International consortium receives funding from the Swiss National Science Foundation (SNSF) for precision medicine in pediatric brain tumours
SNSF Sinergia grant awarded to research groups in Switzerland and Norway to identify novel treatment strategies for children with aggressive brain tumours.
An international and multidisciplinary team of researchers, clinicians, and data scientists have been awarded a Sinergia grant from the Swiss National Science Foundation (SNSF) to improve treatment for children with aggressive brain tumours.
The new Sinergia consortium involves principal investigators from the DMG/DIPG Center Zurich, at University Children's Hospital, the ETH Zurich, and the Centre for Molecular Medicine Norway (NCMM) and aims to harness novel technologies for precision medicine in pediatric diffuse midline glioma (DMG) and diffuse intrinsic pontine glioma (DIPG).
DMG currently has a poor survival rate and, to date, no effective treatment
DMG/DIPG is an aggressive brain tumour that primarily affects children but can also affect adults.
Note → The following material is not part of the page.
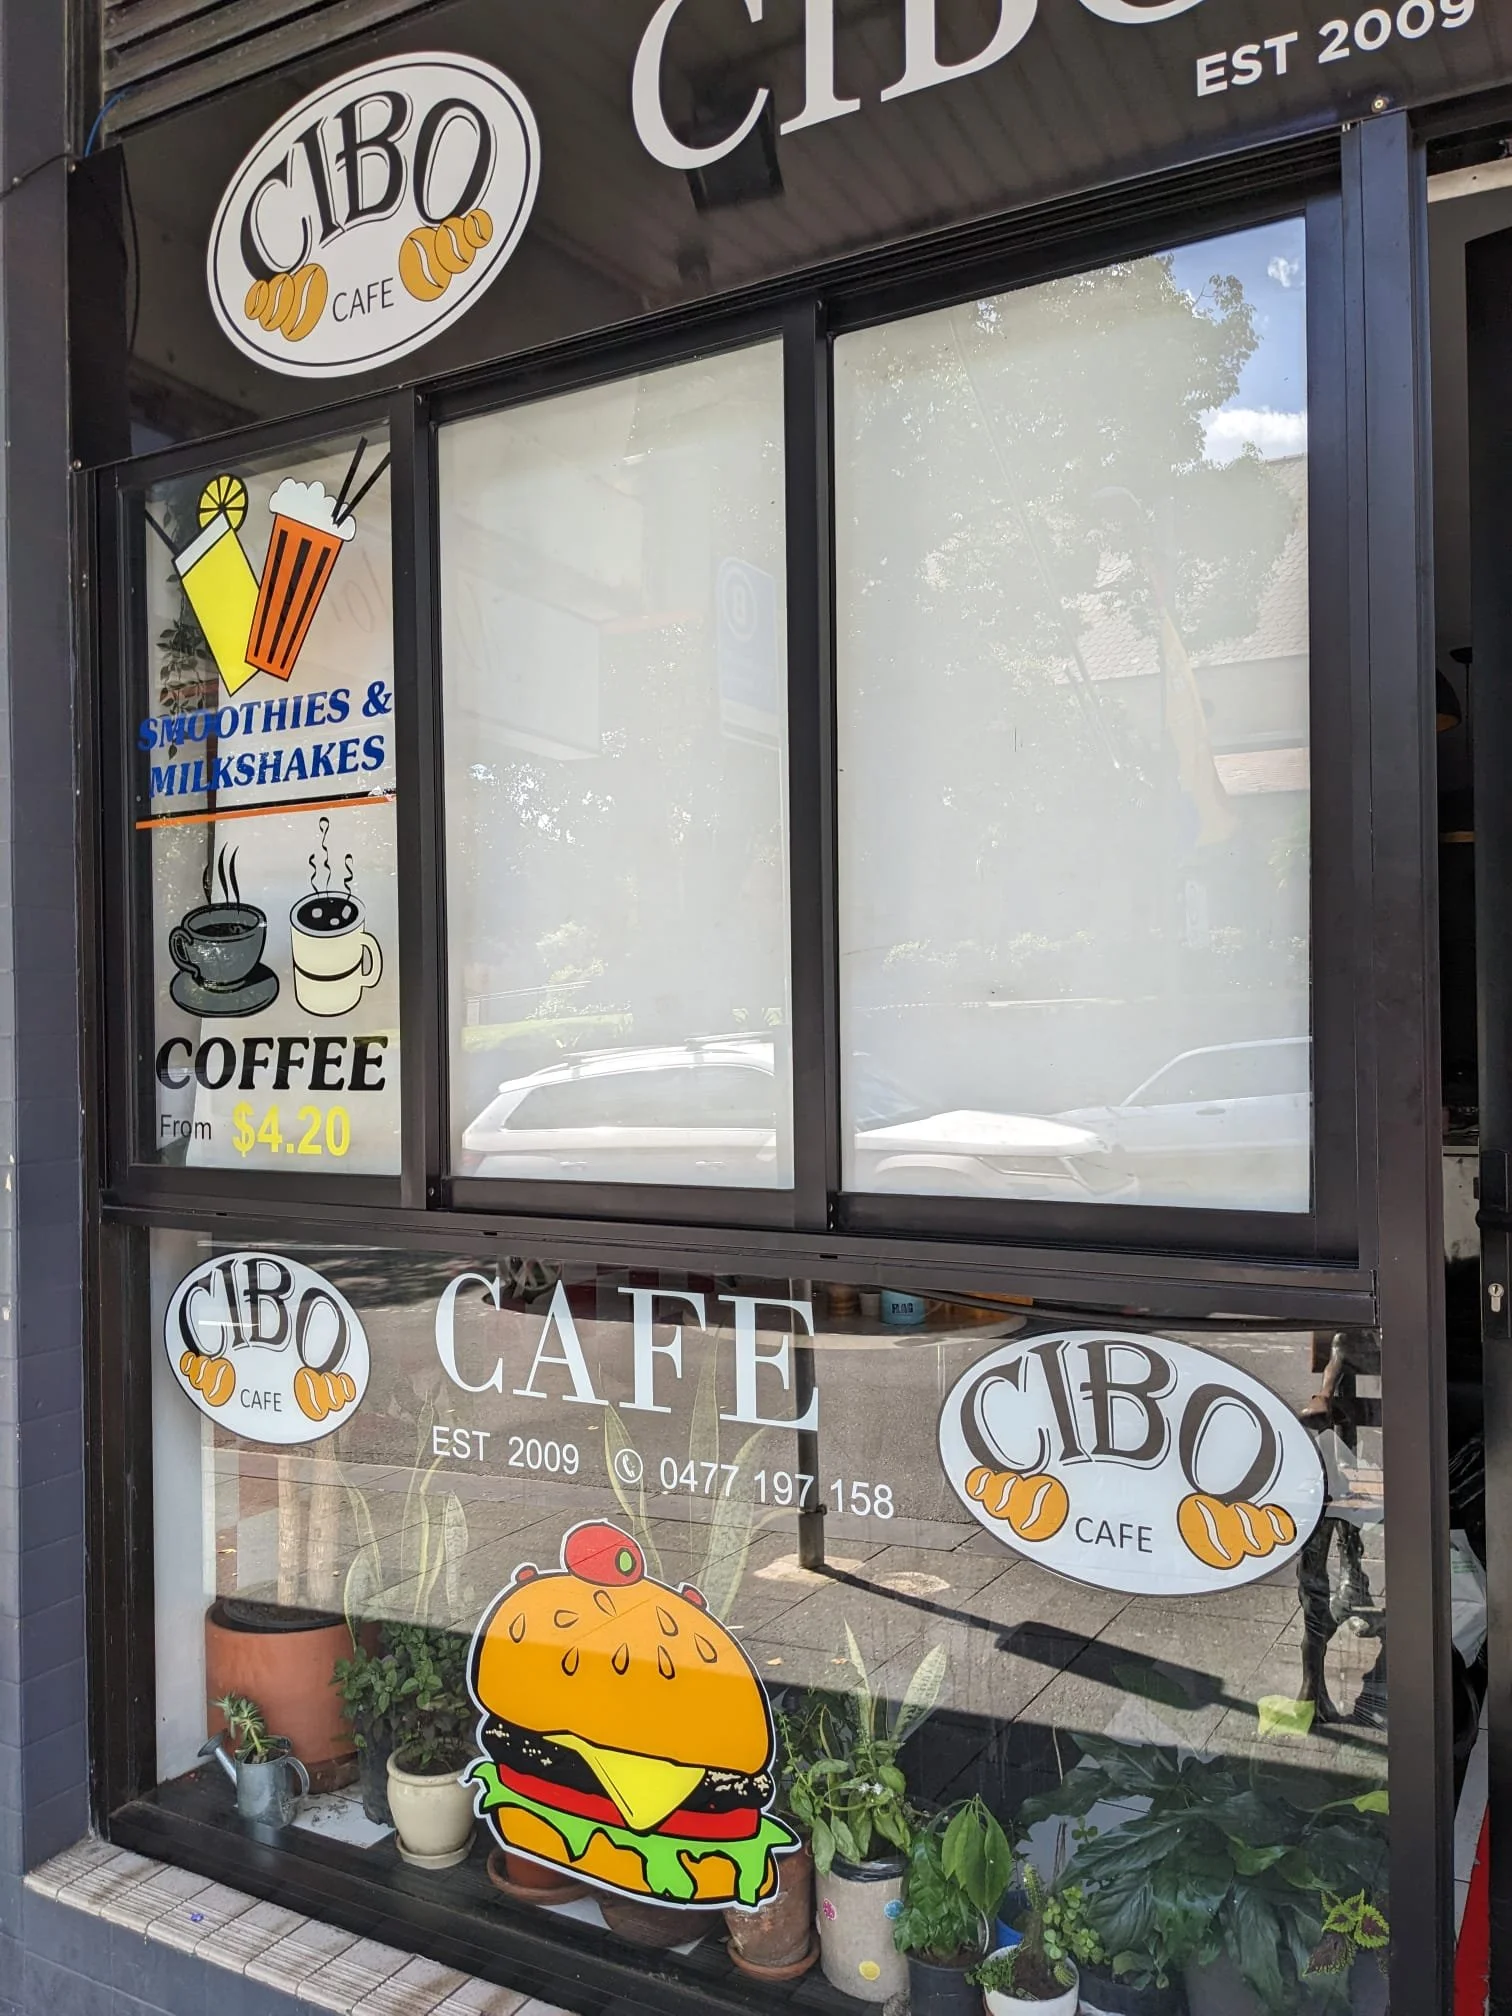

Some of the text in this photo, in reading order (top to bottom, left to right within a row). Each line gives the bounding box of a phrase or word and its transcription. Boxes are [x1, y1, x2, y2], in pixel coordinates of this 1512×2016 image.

The survival time for patients is poor, with over 90% of DMG/DIPG patients dying within two years of their diagnosis. Whilst significant progress has been made in recent years in better understanding the molecular biology of DIPG/DMG, there has been a lack of similar advancements in finding novel and effective drugs or combinations of drugs.
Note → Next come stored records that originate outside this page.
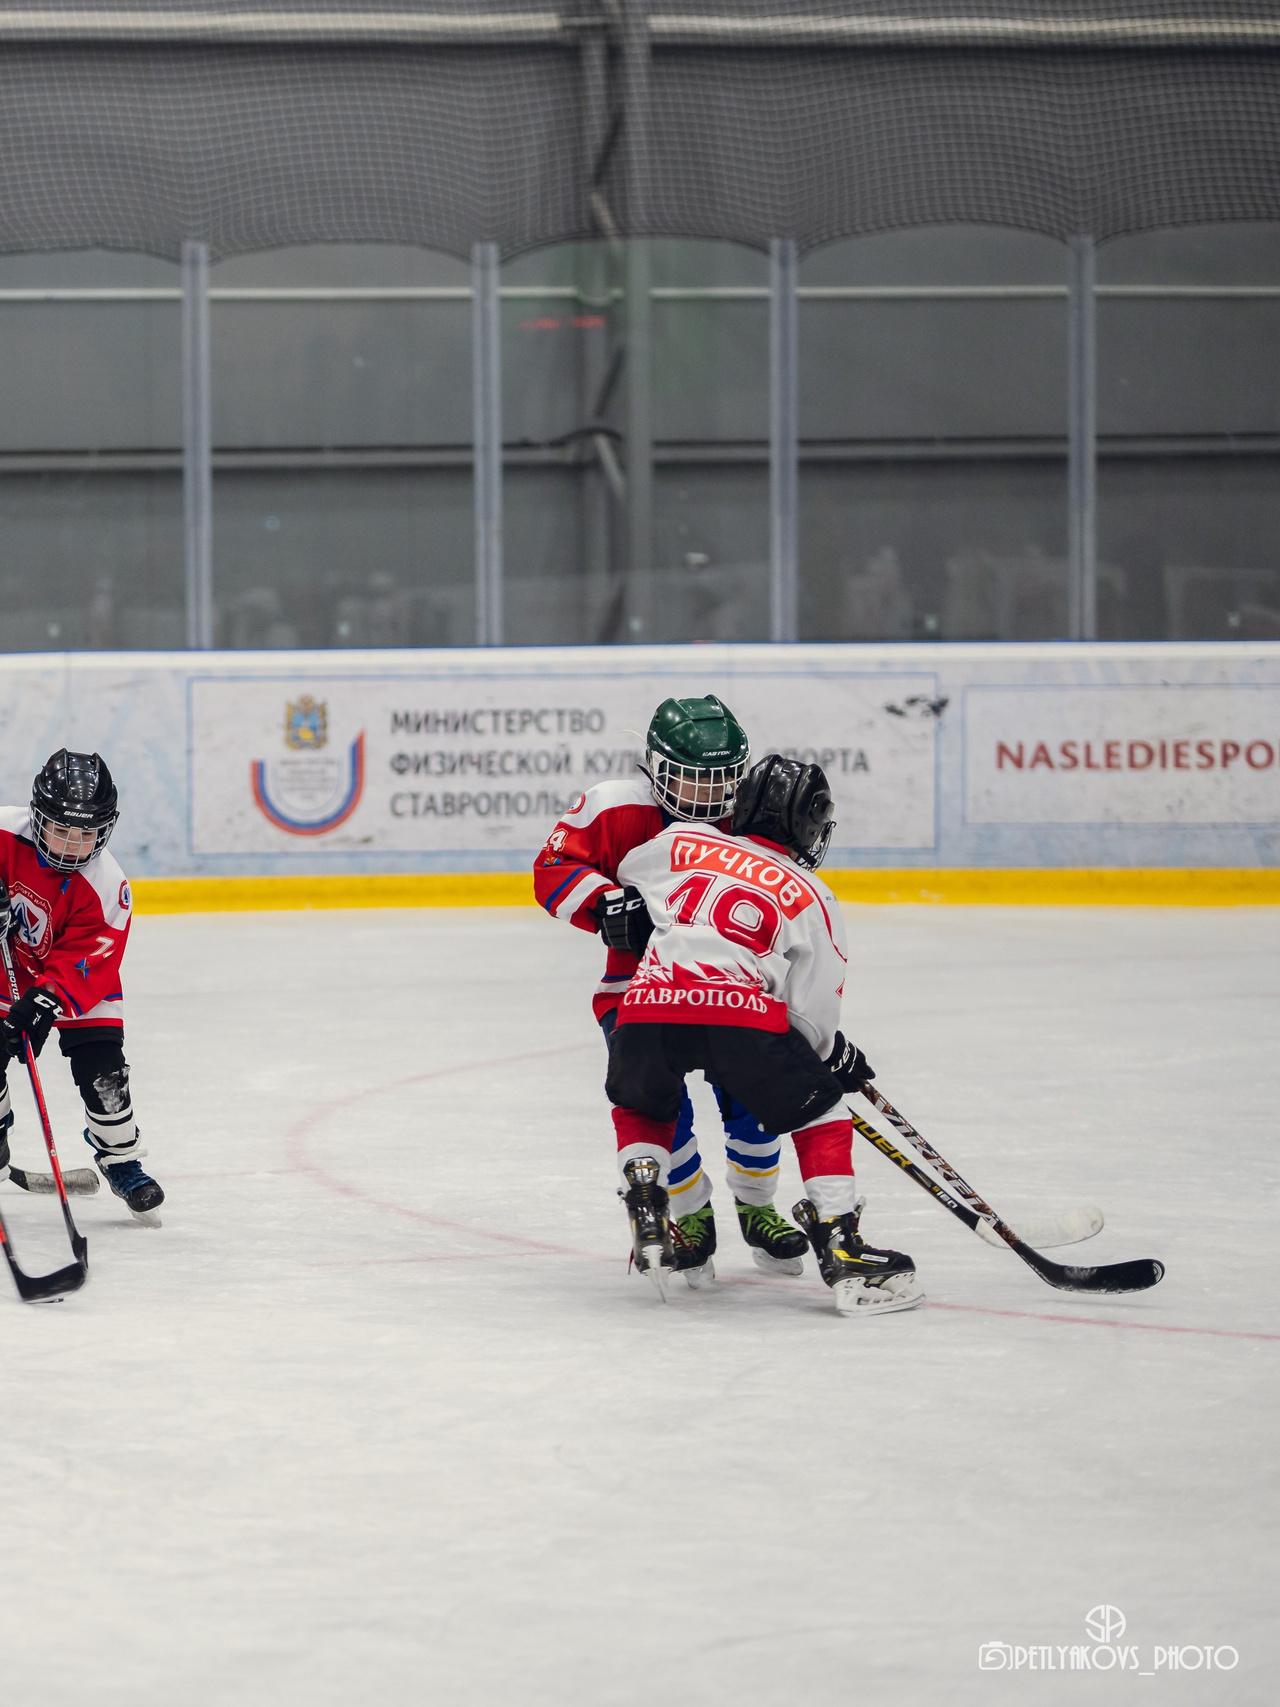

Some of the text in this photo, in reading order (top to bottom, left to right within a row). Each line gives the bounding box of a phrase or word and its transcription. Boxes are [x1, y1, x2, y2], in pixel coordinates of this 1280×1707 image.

[390, 708, 606, 735] МИНИСТЕРСТВО
[390, 744, 572, 776] ФИЗИЧЕСКОЙ
[995, 740, 1280, 771] NASLEDIESPO
[63, 810, 94, 819] BAUER
[674, 840, 803, 907] ПУЧКОВ
[665, 872, 783, 958] 19
[623, 987, 768, 1014] СТАВРОПОЛЬ
The Sinergia consortium received CHF 3.1 million for a research project to discover therapeutic vulnerabilities in patient-derived preclinical DMG models, and to utilize a drug repurposing strategy whereby thousands of approved and investigational drugs are tested for anticancer activity. Each research group will contribute their expertise to address the main project goal of using novel technologies for molecular characterization of DMGs, rapid discovery and validation of effective and safe drugs, and the discovery of biomarkers of drug sensitivity.
Dr. Javad Nazarian, Head of the Translational Research Program of the DIPG/DMG Center, at University Children's Hospital Zurich and Lead of the Sinergia consortium, will perform high-throughput drug screening using 30 patient-derived DMG models and thousands of drugs that have so far not been investigated in preclinical DMG studies. The DIPG/DMG Center will use this opportunity to harvest novel technologies to discover therapeutic vulnerabilities in patient-derived preclinical DMG models and utilize a drug repurposing strategy whereby thousands of approved and investigational drugs are tested for anticancer activity.
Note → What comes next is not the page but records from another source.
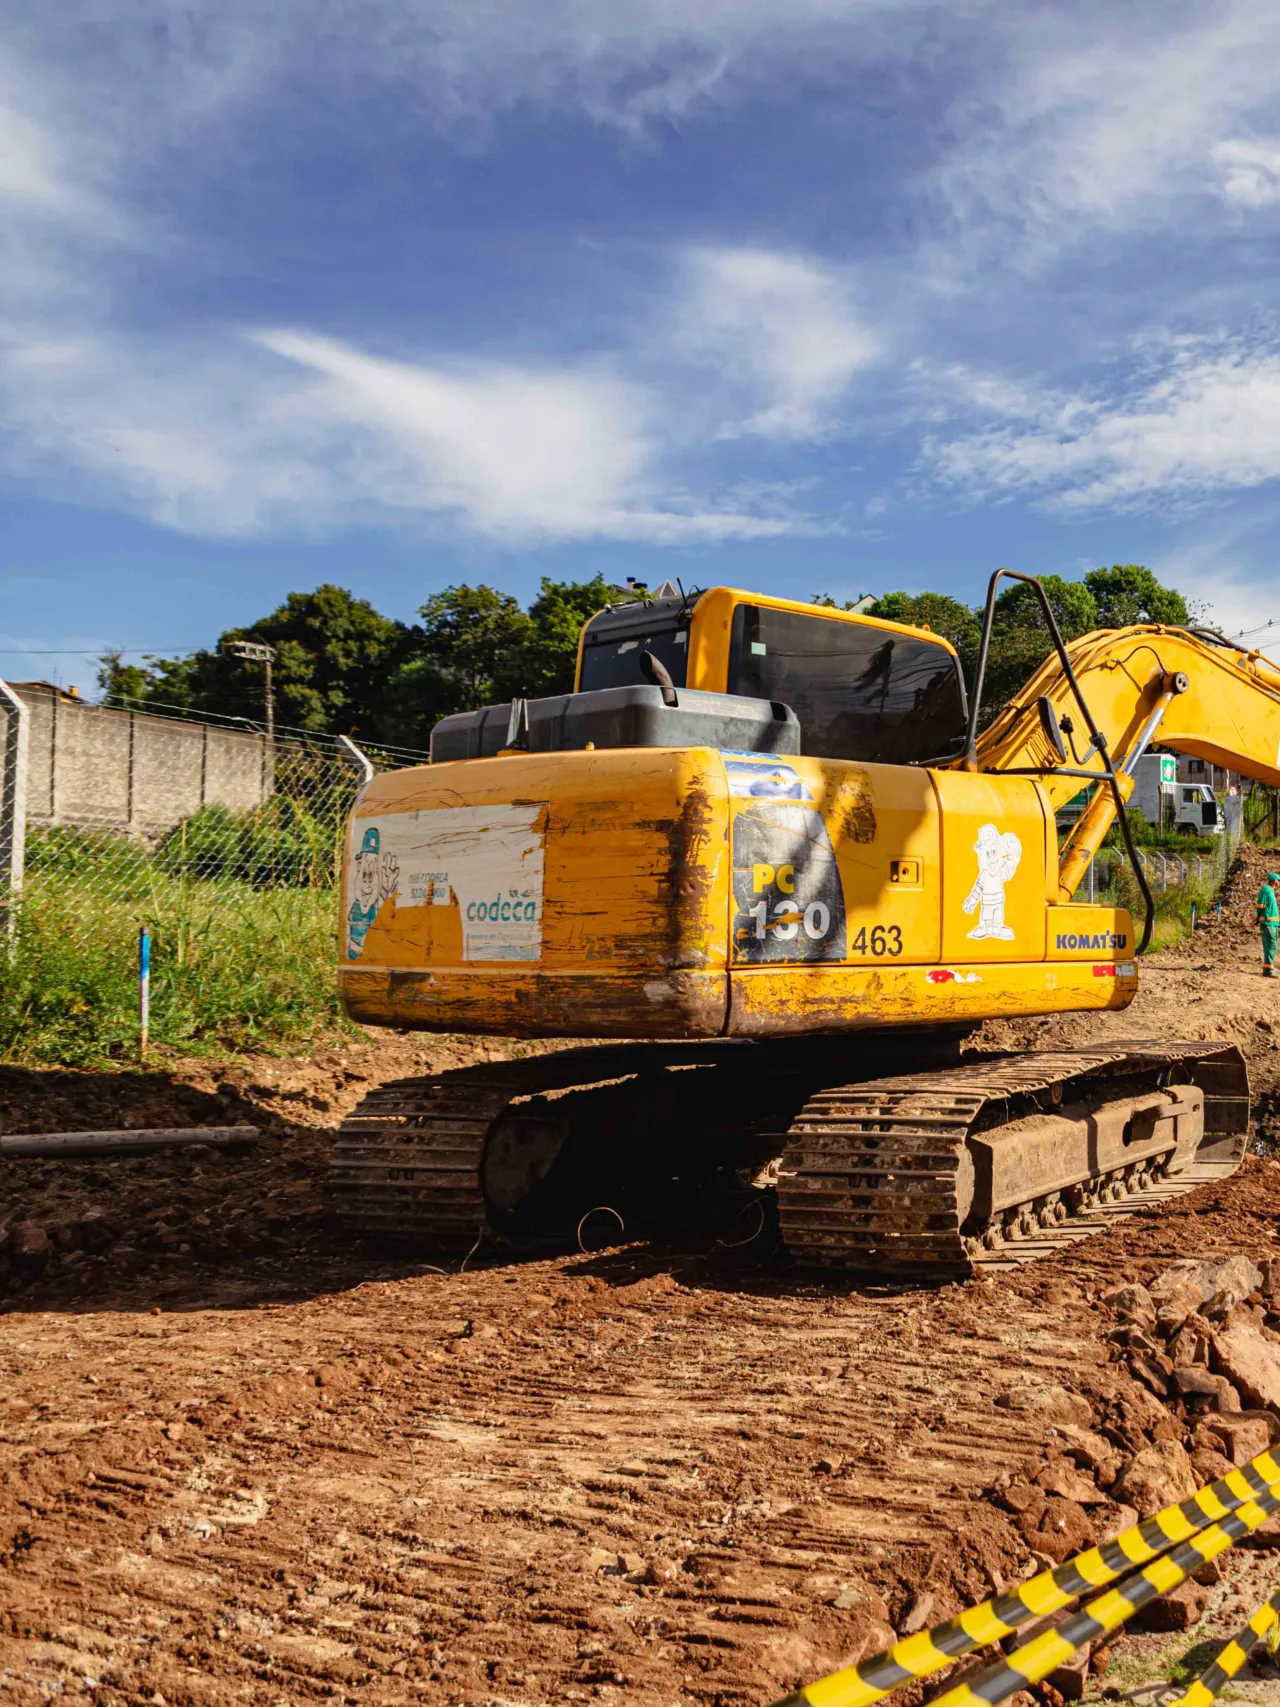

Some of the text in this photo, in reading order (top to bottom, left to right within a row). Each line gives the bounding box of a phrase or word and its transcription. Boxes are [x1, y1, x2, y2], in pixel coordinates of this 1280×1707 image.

[753, 863, 795, 894] PC
[466, 892, 537, 922] codeca
[749, 900, 831, 940] 130
[852, 925, 903, 957] 463
[1056, 930, 1127, 949] KOMATSU
Dr. Sebastian Waszak, Head of the Computational Oncology Group at NCMM, will characterize the genomic and the epigenomic landscape of preclinical DMG models and develop a computational drug repurposing strategy for DMG/DIPGs.
Prof. Fatih Yanik, Head of the Neurotechnology Group at the ETH Zurich, will develop a novel minimally invasive brain network measurement technology that will allow the team to assess neurotoxicity of drugs and drug combinations.
Other project partners include Prof. Adriano Aguzzi (University Hospital Zurich), Prof. Stephan Neuhauss (University of Zurich), Dr. Pan Pantziarka (Anticancer Fund), Dr. Anton Yuryev and Dr. Jabe Wilson (Elsevier Life Sciences Professional Services), Mr. Finlay MacLean (formerly at Elsevier), and the Children’s Brain Tumor Network. Sabine Mueller, MD PhD MAS (University of California, San Francisco) as an expert neuro-oncologist will contribute to the translation of the project results to clinical studies.
Study will have an impact on how clinical trials are designed, helping to improve outcomes for patients
The Sinergia consortium hopes that this project will have a major impact on the design of future clinical trials and, thus, help to improve outcomes for children diagnosed with DMG.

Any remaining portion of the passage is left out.